Changing the sleep position from supine to non-supine is a simple but effective treatment for some patients with sleep apnea syndrome. In the present study, we compared the clinical data for good responders (GRs), those who responded well to the sleep position change, with those for poor responders (PRs), and also evaluated the effect of surgical treatment on the positional improvement of ventilation in the PR group. Forty-one adult patients with sleep apnea syndrome (mean age: 47.1 years, mean obesity index: 125.8%) were divided into two groups based on their polysomnographic responses to sleep position change. Thirty-two patients were classified as the GR group, whose apnea-hypopnea index (AHI) in the non-supine position declined to less than half of their AHI in the supine position, and nine whose non-supine AHI remained greater than half of their supine AHI were classified as the PR group.

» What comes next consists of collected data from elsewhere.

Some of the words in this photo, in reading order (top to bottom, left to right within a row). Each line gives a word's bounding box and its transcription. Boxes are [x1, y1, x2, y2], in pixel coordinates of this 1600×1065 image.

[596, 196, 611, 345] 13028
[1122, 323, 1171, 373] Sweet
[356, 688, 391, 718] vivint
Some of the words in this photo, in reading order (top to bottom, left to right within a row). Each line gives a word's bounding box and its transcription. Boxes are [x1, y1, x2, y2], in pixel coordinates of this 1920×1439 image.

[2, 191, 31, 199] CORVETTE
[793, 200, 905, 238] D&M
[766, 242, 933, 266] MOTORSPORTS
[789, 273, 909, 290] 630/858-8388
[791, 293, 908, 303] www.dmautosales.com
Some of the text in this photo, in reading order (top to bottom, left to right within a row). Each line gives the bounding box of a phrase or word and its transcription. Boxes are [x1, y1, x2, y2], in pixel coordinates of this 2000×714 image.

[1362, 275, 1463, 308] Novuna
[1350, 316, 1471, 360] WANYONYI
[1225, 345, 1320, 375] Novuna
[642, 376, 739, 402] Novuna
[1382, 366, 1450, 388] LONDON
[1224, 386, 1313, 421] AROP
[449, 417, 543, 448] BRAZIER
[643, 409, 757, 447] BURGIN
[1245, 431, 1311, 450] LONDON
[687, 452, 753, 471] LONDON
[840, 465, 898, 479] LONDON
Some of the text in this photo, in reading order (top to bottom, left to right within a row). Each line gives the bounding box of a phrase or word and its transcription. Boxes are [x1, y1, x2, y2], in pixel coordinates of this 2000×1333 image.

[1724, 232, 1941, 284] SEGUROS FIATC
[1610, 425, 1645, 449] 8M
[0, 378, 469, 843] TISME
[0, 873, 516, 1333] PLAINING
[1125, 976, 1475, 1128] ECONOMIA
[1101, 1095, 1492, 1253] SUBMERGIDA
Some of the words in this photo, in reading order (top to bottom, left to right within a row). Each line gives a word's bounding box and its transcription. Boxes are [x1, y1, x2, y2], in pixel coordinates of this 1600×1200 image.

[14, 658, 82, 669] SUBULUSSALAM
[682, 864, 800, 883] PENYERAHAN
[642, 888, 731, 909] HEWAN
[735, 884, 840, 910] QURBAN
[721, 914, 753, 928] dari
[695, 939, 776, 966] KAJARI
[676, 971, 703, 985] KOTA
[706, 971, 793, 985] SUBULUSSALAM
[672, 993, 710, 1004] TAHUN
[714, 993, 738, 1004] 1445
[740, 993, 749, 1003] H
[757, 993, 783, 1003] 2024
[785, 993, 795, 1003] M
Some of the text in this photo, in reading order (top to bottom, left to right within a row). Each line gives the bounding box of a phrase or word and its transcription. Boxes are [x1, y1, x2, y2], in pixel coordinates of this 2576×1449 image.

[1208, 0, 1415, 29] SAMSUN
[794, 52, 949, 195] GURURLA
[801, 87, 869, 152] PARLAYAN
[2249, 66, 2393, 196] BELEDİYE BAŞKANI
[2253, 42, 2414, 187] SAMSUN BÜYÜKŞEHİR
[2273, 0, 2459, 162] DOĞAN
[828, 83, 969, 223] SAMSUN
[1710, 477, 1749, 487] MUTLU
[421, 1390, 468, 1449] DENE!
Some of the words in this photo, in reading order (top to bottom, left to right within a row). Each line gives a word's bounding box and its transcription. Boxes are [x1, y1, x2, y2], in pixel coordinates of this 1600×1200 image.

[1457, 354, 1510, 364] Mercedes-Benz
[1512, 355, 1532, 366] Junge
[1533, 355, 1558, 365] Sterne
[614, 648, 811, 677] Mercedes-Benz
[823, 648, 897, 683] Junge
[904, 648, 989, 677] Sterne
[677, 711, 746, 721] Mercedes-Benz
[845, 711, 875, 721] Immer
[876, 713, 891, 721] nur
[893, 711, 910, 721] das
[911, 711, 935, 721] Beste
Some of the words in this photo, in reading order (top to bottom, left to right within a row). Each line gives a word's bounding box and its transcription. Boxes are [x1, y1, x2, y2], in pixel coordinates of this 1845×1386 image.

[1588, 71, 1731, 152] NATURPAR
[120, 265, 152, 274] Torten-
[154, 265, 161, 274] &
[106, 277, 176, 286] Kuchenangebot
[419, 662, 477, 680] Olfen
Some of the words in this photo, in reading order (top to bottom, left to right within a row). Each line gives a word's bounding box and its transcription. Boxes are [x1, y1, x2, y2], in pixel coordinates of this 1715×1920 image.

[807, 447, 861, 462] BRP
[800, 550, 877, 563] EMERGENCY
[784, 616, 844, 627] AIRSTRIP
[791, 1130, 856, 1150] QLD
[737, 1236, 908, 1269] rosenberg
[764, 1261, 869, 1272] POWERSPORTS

The AHI and the desaturation index (DI) for the PR group were significantly higher than those for the GR group, and the obesity index was also higher in the PR group. For the eight PRs who had surgical therapy, their polysomnographic data improved much more in the non-supine position than in the supine position. Of six patients whose total AHI was still 10 or more after surgery, four changed into GRs. The combination of surgery and sleep position change seemed to be an effective treatment even for patients with a little improvement before surgery.